To the Editor
Each human exome contains thousands of nonsynonymous single nucleotide variants (nSNVs) of unknown effect, whose potential impact on biological function is now routinely assessed using computational methods for use in biomedical research and in clinical genome profiling reports. Of the variants receiving a non-neutral (function-damaging) prediction, those at evolutionarily conserved sites are frequently of heightened interest for scientists and clinicians, because these sites are among the most critical for proper protein function. Indeed, a majority of amino acid mutations that have been investigated experimentally are located at ultra-conserved sites, which show no amino acid residue difference in diverse species spanning over five hundred million years of evolution (Supplementary Fig. 1).1 Functionally damaging mutants at these sites are likely to have significant consequences in health and disease.
For these ultra-conserved sites, we estimated the false positive rate (FPR) of Condel2 and PolyPhen-23 by using a standard collection of neutral variants (HumVar3) that was used to train and test these two state-of-the-art tools. Our analysis revealed a very high FPR for Condel (89%) and PolyPhen-2 (75%). For 73% of the neutral nSNVs in HumVar, both tools produced a damaging prediction. The overall accuracy of these tools at ultra-conserved positions was also low (55% and 60%, respectively). Therefore, predictions produced by current computational tools may mislead downstream experimental and clinical investigations aimed at studying functionally important sites.
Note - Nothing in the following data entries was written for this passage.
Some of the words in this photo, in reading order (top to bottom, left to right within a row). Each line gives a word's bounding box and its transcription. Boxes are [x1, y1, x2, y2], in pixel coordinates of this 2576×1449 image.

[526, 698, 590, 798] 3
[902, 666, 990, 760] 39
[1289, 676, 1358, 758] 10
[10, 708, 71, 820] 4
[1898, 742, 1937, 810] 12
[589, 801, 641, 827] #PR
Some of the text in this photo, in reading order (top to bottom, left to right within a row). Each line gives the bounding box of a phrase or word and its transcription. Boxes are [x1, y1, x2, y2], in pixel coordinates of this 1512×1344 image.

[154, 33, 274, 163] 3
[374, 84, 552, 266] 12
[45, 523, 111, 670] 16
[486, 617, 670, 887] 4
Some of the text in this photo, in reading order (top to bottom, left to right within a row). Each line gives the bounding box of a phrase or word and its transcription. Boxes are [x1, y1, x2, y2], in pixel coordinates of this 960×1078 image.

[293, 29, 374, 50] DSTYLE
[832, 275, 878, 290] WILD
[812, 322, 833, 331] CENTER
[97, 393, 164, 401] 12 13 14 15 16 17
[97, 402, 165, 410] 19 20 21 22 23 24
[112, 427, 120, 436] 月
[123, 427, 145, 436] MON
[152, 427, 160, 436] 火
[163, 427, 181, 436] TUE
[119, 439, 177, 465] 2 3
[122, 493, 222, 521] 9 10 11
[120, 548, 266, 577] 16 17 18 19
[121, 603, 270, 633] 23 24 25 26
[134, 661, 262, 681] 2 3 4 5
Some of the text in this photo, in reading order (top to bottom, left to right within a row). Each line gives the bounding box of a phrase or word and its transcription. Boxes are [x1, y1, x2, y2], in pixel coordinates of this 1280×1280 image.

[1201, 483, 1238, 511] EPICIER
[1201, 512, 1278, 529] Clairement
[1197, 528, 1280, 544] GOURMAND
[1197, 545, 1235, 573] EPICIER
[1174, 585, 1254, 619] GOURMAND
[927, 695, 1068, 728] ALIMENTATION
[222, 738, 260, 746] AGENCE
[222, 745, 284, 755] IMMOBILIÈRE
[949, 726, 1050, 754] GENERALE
To remedy this problem, we have developed a method that adaptively fits the best prediction model for nSNV sites evolving at distinctly different rates, as revealed by multispecies comparison (ultra-, well- and less-conserved, Supplementary Fig. 1). Our Evolutionary Diagnosis (EvoD) method considers fundamental evolutionary properties of affected site and amino acid changes, including measures of the biochemical severity and evolutionary probability of the amino acid change, as well as multi-level taxonomic evolutionary rates and timespans of the position affected. Within a sparse-learning framework, the ability of these properties to explain the observed (training) data was evaluated in EvoD for establishing an efficient predictive statistical model (Supplementary Methods). A web server for evaluating novel variants using EvoD is available at http://barn.asu.edu/EvoD.
At ultra-conserved sites, EvoD led to large reductions in the FPR: 55% for Condel and 41% for PolyPhen-2. We retrieved the population allele frequency of the neutral HumVar nSNVs at ultra-conserved sites from a 5,400 exome dataset4 and found that EvoD improved diagnoses across the spectrum of rare (<0.1%) to common (>5%) alleles (Fig. 1a). The balanced accuracy of EvoD was also significantly higher at ultra-conserved sites (Table 1; P < 10-10). Furthermore, EvoD’s performance was consistent across ultra-, well-, and less-conserved sites, whereas Condel and PolyPhen-2 showed uneven performance across these classes (Table 1).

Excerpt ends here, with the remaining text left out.